LEONTIA, COURTISANE et PHILOSOPHE

De Leontia, ou Leontion, nous savons peu de choses. En regroupant les diverses indications que j'ai pu glaner dans les écrits restants nous pouvons conjecturer que Leonta fut une courtisane athénienne fort prisée, et sans doute fortunée, qui rejoignit le Jardin d'Epicure, devint la concubine de Métrodore, le disciple préféré du maître. C'était une femme libre, comme l'étaient souvent à cette époque les courtisanes, à l'inverse des femmes mariées, cloîtrées dans le gynécée familial. Certaines rumeurs en font également la maîtresse d'Epicure lui-même, ce qui laisserait entendre que règnait, au Jardin, une atmosphère des plus libérales. Le Jardin était un lieu à la fois clos et ouvert, acceptant des gens de toute qualité, de toute origine, et des femmes, ce qui, à l'époque était une véritable révolution. On a voulu y voir une raison suffisante pour en faire un lieu de débauche, une sorte de lupanar pseudo-philosopohique. Il est plus vraisemblable que le Jardin fût un lieu retiré, aux moeurs libérales, adonné à l'amitié et à la recherche du Souverain Bien. Il est la condition même, et la réalisation de cette "ek-chorèsis (retrait social) qui est un des traits constants de l'épicurisme.

Leontia devint philosophe au contact de ses amis philosophes masculins. Nous avons un fragment de lettre où Epicure en personne se fait l'écho de l'admiration que lui portaient les membres de l'école : ""Par le Seigneur Sauveur (Apollon), ma chère petite Leontion, lorsque nous avons lu ta lettre, de quel tonnerre d'applaudissements elle nous a rempli!". De plus elle a écrit un traité (perdu) que mentionne Cicéron. Hétaïre et philosophe, vaste programme! Nous avons d'autres fragments, conservés la plupart pour alimenter la polémique et la calomnie, où Epicure s'adresse à d'autres femmes, supposées légères, ou vénale, comme Thémista, Mammarion, Hédeia, Erotion et Nikidion. (In Diogène Laerce).
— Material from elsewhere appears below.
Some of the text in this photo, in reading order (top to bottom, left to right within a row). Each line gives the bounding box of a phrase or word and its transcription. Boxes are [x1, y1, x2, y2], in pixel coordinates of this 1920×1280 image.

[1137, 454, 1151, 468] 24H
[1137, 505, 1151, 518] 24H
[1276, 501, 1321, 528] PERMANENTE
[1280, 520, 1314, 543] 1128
Que dit Epicure de l'amour et de la sexualité? Dans son traité "Sur la Fin" (entendons la fin à poursuivre) il écrit ceci :" Pour moi, c'est assuré, je ne sais plus à quoi reconnaître le bien, si je retranche les plaisirs pris aux saveurs d'un côté, et ceux du sexe, des concerts et de la beauté de l'autre". On connaît plutôt les citations suivantes de Diogène Laerce :" lls pensent que le sage n'éprouvera pas la passion amoureuse". Et : "On n' a jamais tiré aucun profit de la relation amoureuse et l'on peut être satisfait de ne pas en subir de dommage". (DL 118).
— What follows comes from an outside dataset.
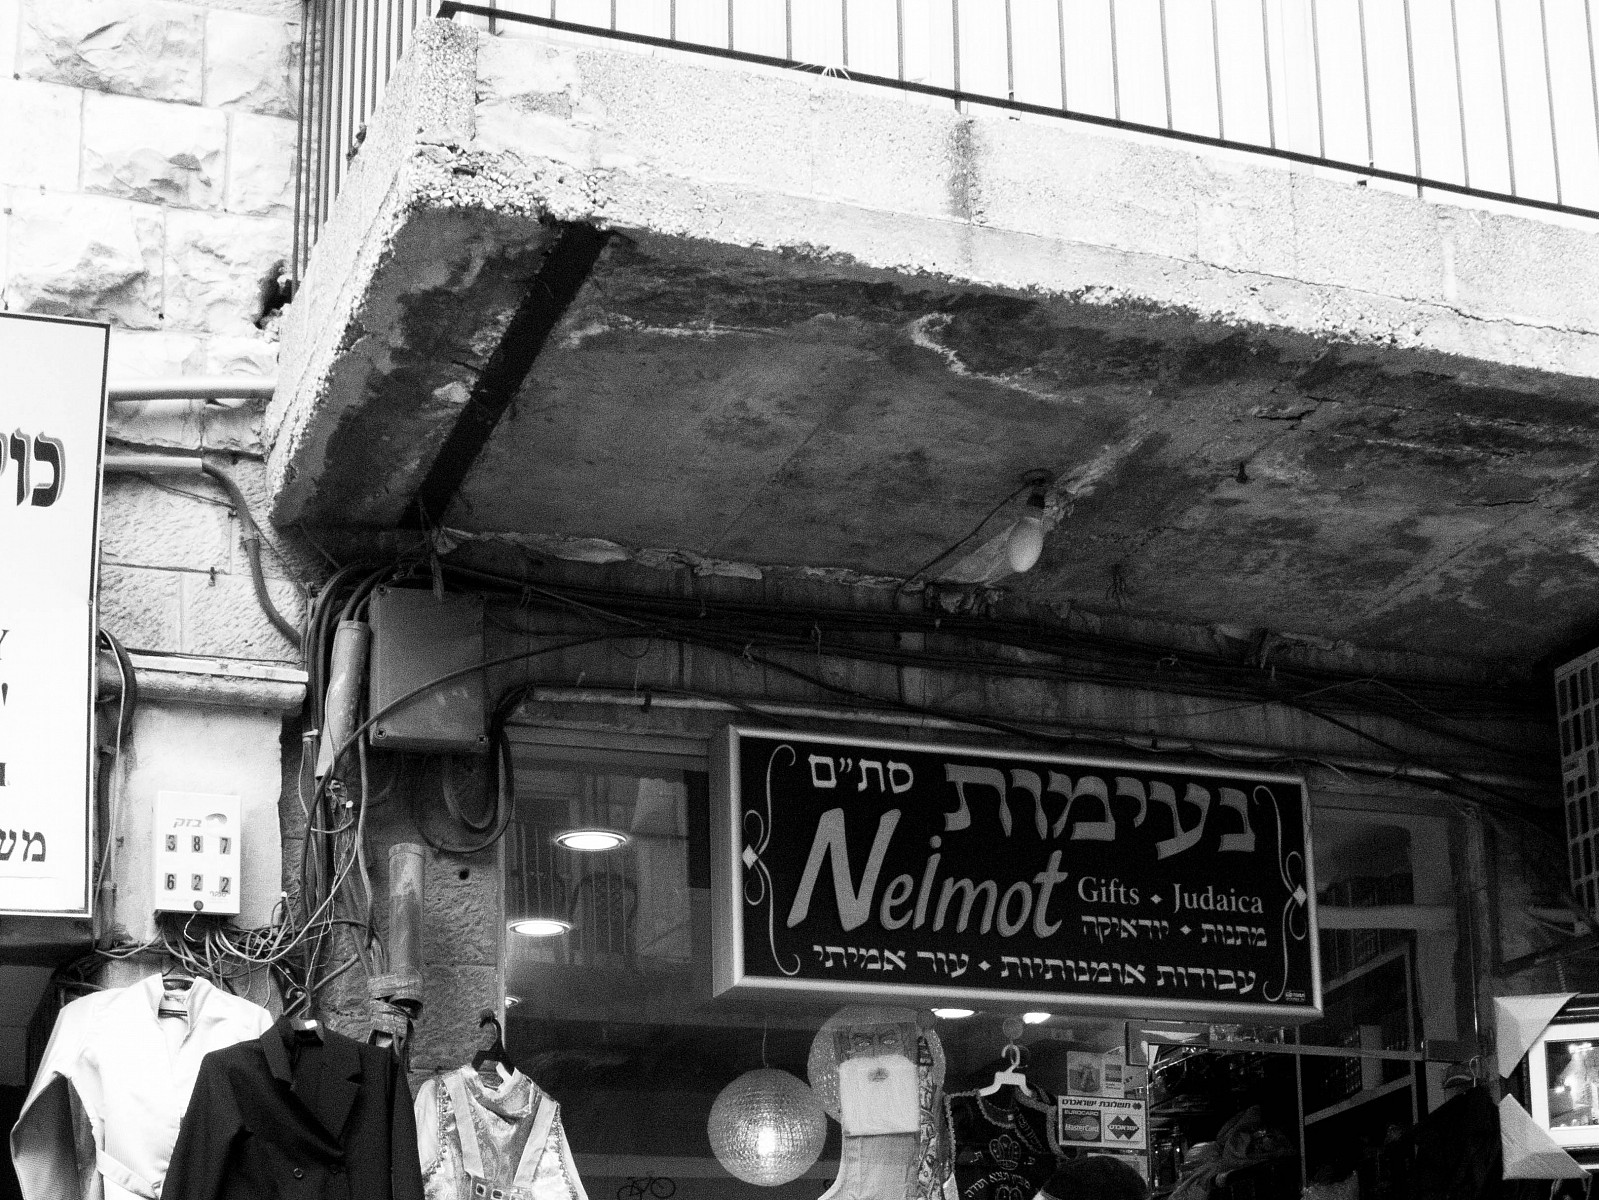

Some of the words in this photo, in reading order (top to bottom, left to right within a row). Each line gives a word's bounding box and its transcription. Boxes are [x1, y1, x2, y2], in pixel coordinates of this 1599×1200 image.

Que faut-il entendre? C'est la relation qui est critiquée, pas la sexualité en tant que telle. Que Leontia soit une ancienne courtisane, qu'elle pratique l'amour dans le plaisir et la joie, fort bien. Ce qui serait un problème c'est qu'elle, ou un homme, s'attachent par des liens de dépendance. Ce que l'épicurisme  nous enseigne c'est une pratique heureuse de la sexualité sans liens amoureux, sans passion, sans inféodation. Le vrai plaisir est autarcie, indépendance, accord de soi à soi, jusque dans le contact physique, fût-il charnel, explicitement sexuel. Sexualité sans attaches. C'est cela, sans doute qui choqua, et qui peut choquer encore. Là dessus, Lucrèce, plus tard, sera d'une clarté éblouissante.
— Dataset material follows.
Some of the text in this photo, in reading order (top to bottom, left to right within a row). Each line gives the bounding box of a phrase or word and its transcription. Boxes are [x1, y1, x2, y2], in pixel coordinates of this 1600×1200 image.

Ainsi donc il y eut des femmes philosophes dans l'Antiquité. Réjouissons-nous, camarades! Leontia ne fut pas la seule. Diogène le Chien eut souvent recours, sans la moindre gêne, aux courtisanes, qui lui manifestaient amitié et considération. On sait que l'école kunique engendra une certaine Hipparchia, femme libre et ostentatoire qui s'appliqua à provoquer la stupéfaction philosophique au coeur même de la ville d'Athènes. Epicure préférait le retrait, la discrétion : "Cache ta vie". Il estimait qu'il valait mieux édifier une contre-société des sages plutôt que d'ameuter un vaste public qui n'était pas digne de la philosophie.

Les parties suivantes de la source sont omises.